By Joseph Berkman-Breen
For-profit schools are defrauding student veterans in order to profit off their GI Bill education benefits, and the U.S. Department of Veterans Affairs (VA)—in disregard of its legal obligations—continues to approve deceptive schools for the use of veterans’ benefits. As a result, thousands of veterans are thrown into financial distress for simply pursuing an education.
This past year alone, the VA paid approximately $5 billion to schools it approved for the use of GI Bill benefits. Veterans understandably believe the VA’s approval means it is safe for them to attend, but that is too often not the case. Ever since the advent of the GI Bill, fraudulent schools—almost always for-profit schools—have deceived veterans into enrolling in order to profit off their benefits. A 2012 U.S. Senate investigation uncovered documents that verified for-profit schools were targeting veterans for their benefits, and that schools engaged in deceptive practices to induce students to enroll, including deceiving veterans into falsely believing their GI Bill benefits would cover the cost of attendance.
As a result of targeted and deceptive advertising, a disproportionately high 30% of GI Bill beneficiaries attend for-profit schools, compared to 10% of all postsecondary students. In fact, eight of the ten schools that receive the most in GI Bill benefits are for-profit schools. Yet veterans at these schools often don’t receive the education they need to succeed and wind up losing years of time, exhausting their GI benefits, and taking out tens of thousands of dollars in loans, only to find they can’t get jobs in their field.
Take Miguel, an army combat engineer who was forced into medical retirement after he sustained a head trauma so severe that he developed epilepsy. Miguel sought to land on his feet by going back to school. An online search led him to Berkeley College, a for-profit school in New York, which boasted that it was one of the best schools in the country for veterans.
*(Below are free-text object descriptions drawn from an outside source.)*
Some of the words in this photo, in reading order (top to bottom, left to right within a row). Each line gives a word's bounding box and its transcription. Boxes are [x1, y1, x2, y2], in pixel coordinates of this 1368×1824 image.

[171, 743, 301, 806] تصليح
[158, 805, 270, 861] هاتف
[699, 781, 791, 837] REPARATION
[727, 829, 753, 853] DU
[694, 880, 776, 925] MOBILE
Miguel shared his military record and information about his disability with the school, and a Berkeley College recruiter told Miguel that the GI Bill would cover the entire cost of attending, that his military experience would translate into credit towards his degree, and that with a Criminal Justice degree, he could become a police officer. Miguel enrolled in the hopes that becoming a police officer would give him another chance to serve.
However, Berkeley College was not what it seemed. The school did not give Miguel any credit for his military experience and his GI benefits did not cover the full tuition, so he had to take out more than $30,000 in student loans. Even worse, Miguel learned after he graduated that with his military experience, he didn’t even need a degree to join a police department, but also, devastatingly, he was told that his condition—which Berkeley knew about—prevented him from serving as a police officer. This left Miguel tens of thousands of dollars in debt and unable to get a job in his field. Berkeley sold Miguel a degree it knew he didn’t need and couldn’t use for one reason: it wanted his benefits.
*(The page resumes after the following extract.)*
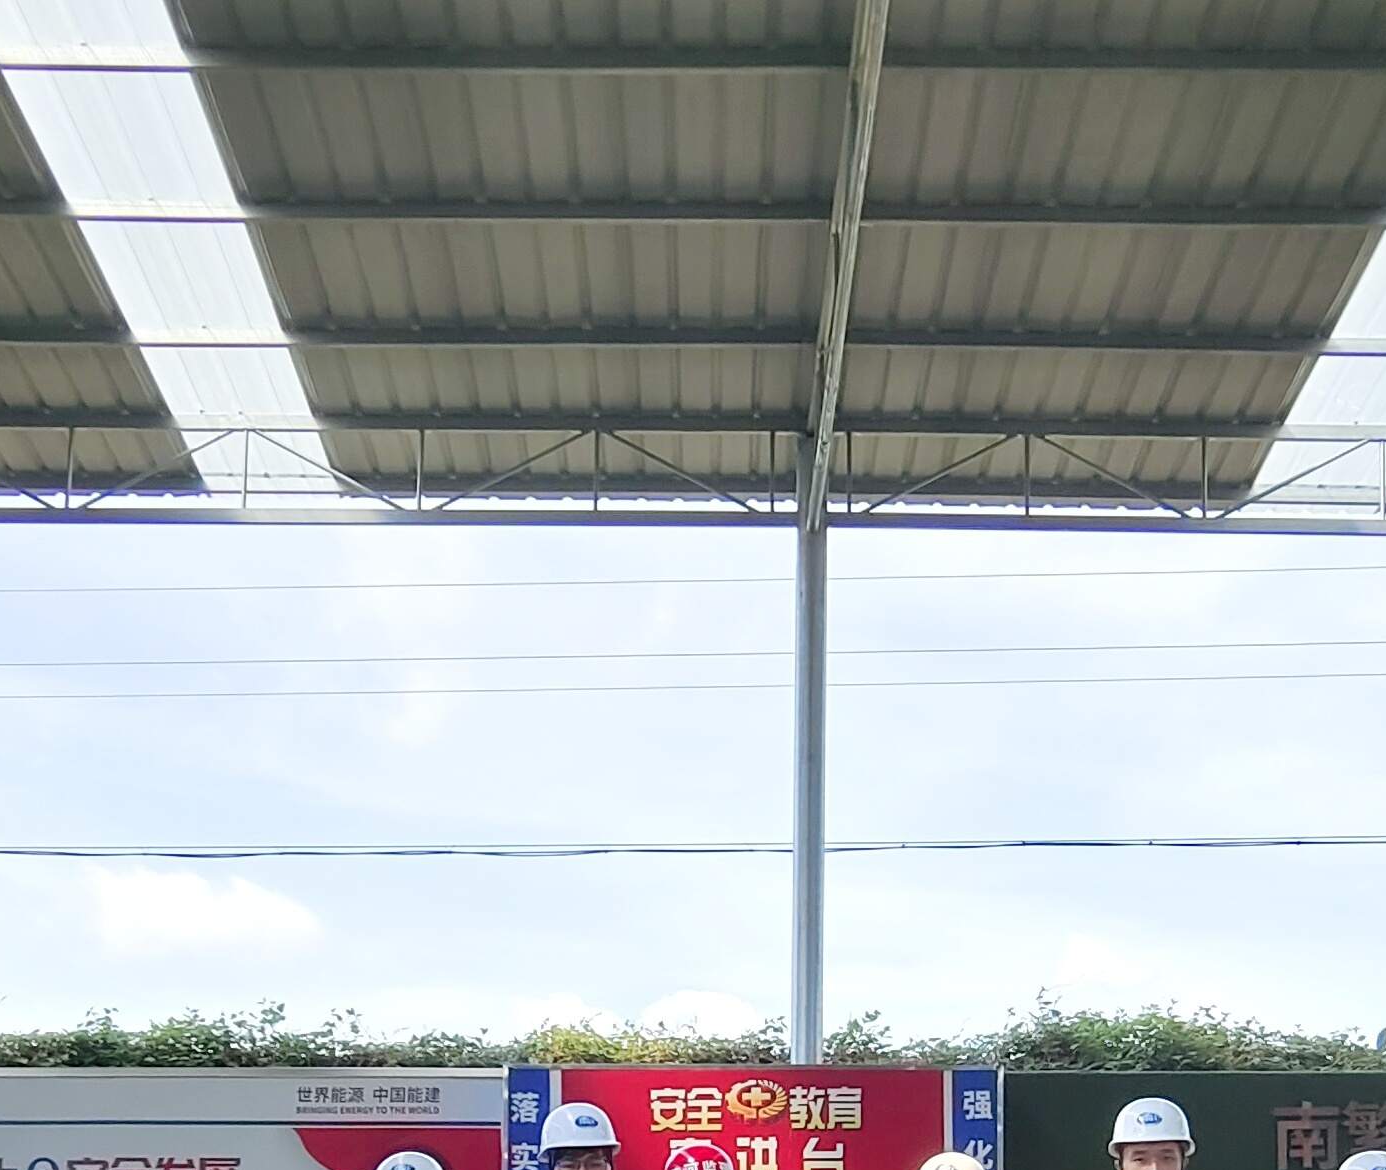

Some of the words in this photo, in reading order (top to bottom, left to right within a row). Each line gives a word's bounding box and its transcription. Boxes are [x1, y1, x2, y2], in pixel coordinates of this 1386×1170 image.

[297, 1086, 365, 1104] 世界能源
[372, 1086, 441, 1104] 中国能建
[649, 1086, 724, 1132] 安全
[789, 1085, 863, 1131] 教育
Many veterans, like Miguel, who attend for-profit schools, believe they are making an informed decision about which school to attend and are reassured by the fact that the VA approved the school to receive their GI Bill benefits. And they should be right: the VA has an obligation to protect veterans from fraudulent schools. Federal law requires the VA to prohibit the use of GI Bill benefits at schools that engage in erroneous, deceptive or misleading enrollment practices. But what most veterans don’t know is that the VA does little to fulfill its obligation to protect them. In 2018 a VA Office of Inspector General audit of the GI Bill program found the VA was approving the use of benefits at numerous schools that engaged in deceptive advertising.
Berkeley College is a prime example of the problem. In 2018 the New York City Department of Consumer and Worker Protection sued Berkeley after the city agency documented numerous instances of unlawful deceptive practices by the school, similar to what Miguel experienced, including that the school had misled students about financial aid and deceived students about their likelihood of graduating or getting a job. In these situations, when the VA has reason to believe a school is misleading students, the law envisions that the VA will refer the school to the U.S. Federal Trade Commission (FTC) for investigation. But the VA never referred Berkeley and it still approves it to receive GI Bill benefits, allowing Berkeley to continue defrauding veterans.
As it turns out, the VA has almost never referred any school for investigation. The New York Legal Assistance Group (NYLAG) recently received documents through an information request that confirm the VA has only ever referred two schools for such an investigation—and both referrals came so late that the schools closed due to fraud not long after the referrals were made.
There is a long list of examples where the VA failed to protect student veterans in the face of deceptive practices by schools, even as federal, state and local law enforcement agencies took action. For instance, in recent years the FTC and state attorneys general, among others, have taken action against DeVry University, Corinthian Colleges Inc., and Career Education Corporation (operator of Sanford-Brown Colleges and Institutes, Colorado Technical University, and InterContinental University), and yet the VA continued to allow veterans to use their GI Bill benefits to attend these schools.
How many veterans need to be harmed before the VA will start to fulfill its obligation to protect them? We at NYLAG call on Congress to investigate why the VA is failing to protect student veterans.
Volunteer attorney with the New York Legal Assistance Group, where he was formerly a fellow.